[[ GIVEN ENTRIES open ]]

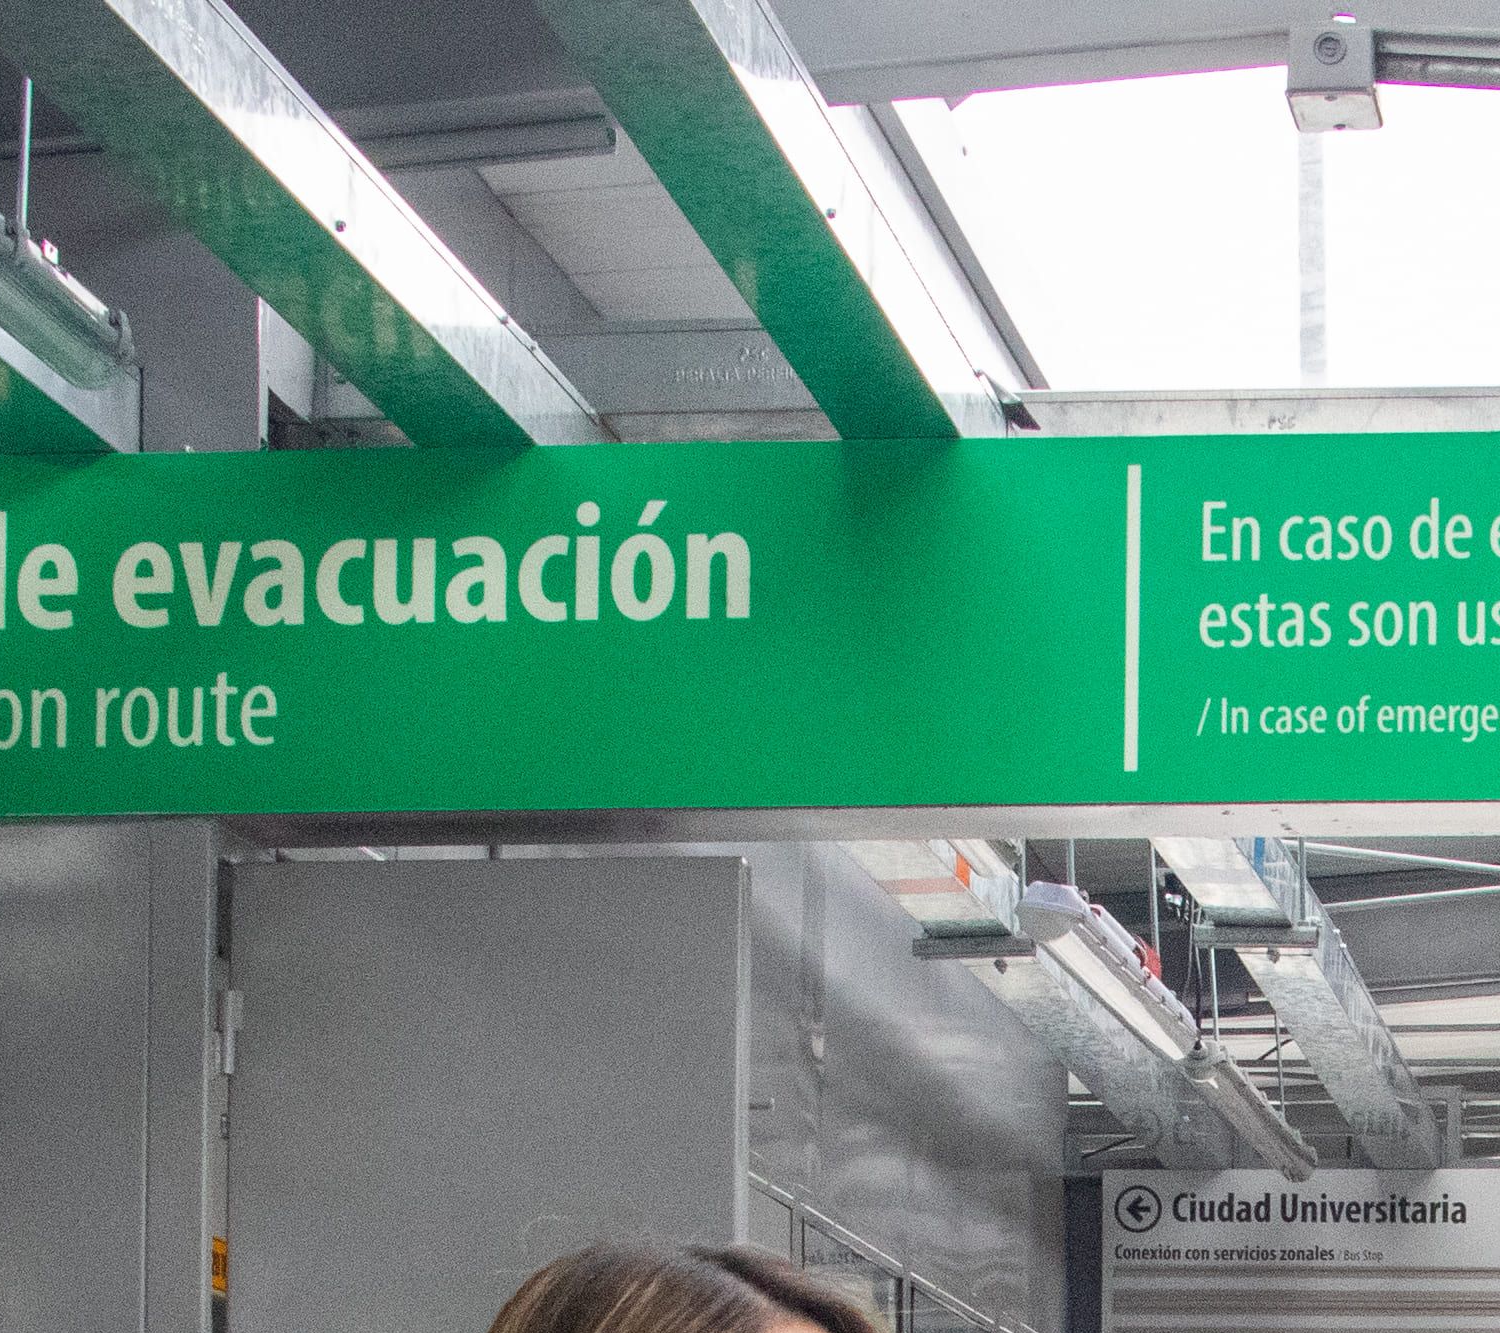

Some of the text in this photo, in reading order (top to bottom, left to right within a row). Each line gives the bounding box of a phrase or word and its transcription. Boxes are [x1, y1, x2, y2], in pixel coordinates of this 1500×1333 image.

[1201, 500, 1261, 562] En
[1278, 514, 1393, 561] caso
[1409, 497, 1473, 560] de
[112, 499, 751, 628] evacuación
[1198, 593, 1332, 649] estas
[1348, 600, 1438, 647] son
[95, 671, 277, 748] route
[1220, 697, 1250, 734] In
[1259, 705, 1328, 734] case
[1336, 694, 1369, 735] of
[1171, 1192, 1466, 1224] Ciudad Universitaria
[1113, 1243, 1182, 1262] Conexión
[1184, 1248, 1210, 1262] con
[1213, 1245, 1278, 1262] servicios
[1279, 1245, 1335, 1262] zonales

[[ GIVEN ENTRIES closed ]]

TASK REQUIREMENTS ::
Retype the whole listing above exactly as written. Skip the pictures.

TASK SOLUTION ::
Some of the text in this photo, in reading order (top to bottom, left to right within a row). Each line gives the bounding box of a phrase or word and its transcription. Boxes are [x1, y1, x2, y2], in pixel coordinates of this 1500×1333 image.

[1201, 500, 1261, 562] En
[1278, 514, 1393, 561] caso
[1409, 497, 1473, 560] de
[112, 499, 751, 628] evacuación
[1198, 593, 1332, 649] estas
[1348, 600, 1438, 647] son
[95, 671, 277, 748] route
[1220, 697, 1250, 734] In
[1259, 705, 1328, 734] case
[1336, 694, 1369, 735] of
[1171, 1192, 1466, 1224] Ciudad Universitaria
[1113, 1243, 1182, 1262] Conexión
[1184, 1248, 1210, 1262] con
[1213, 1245, 1278, 1262] servicios
[1279, 1245, 1335, 1262] zonales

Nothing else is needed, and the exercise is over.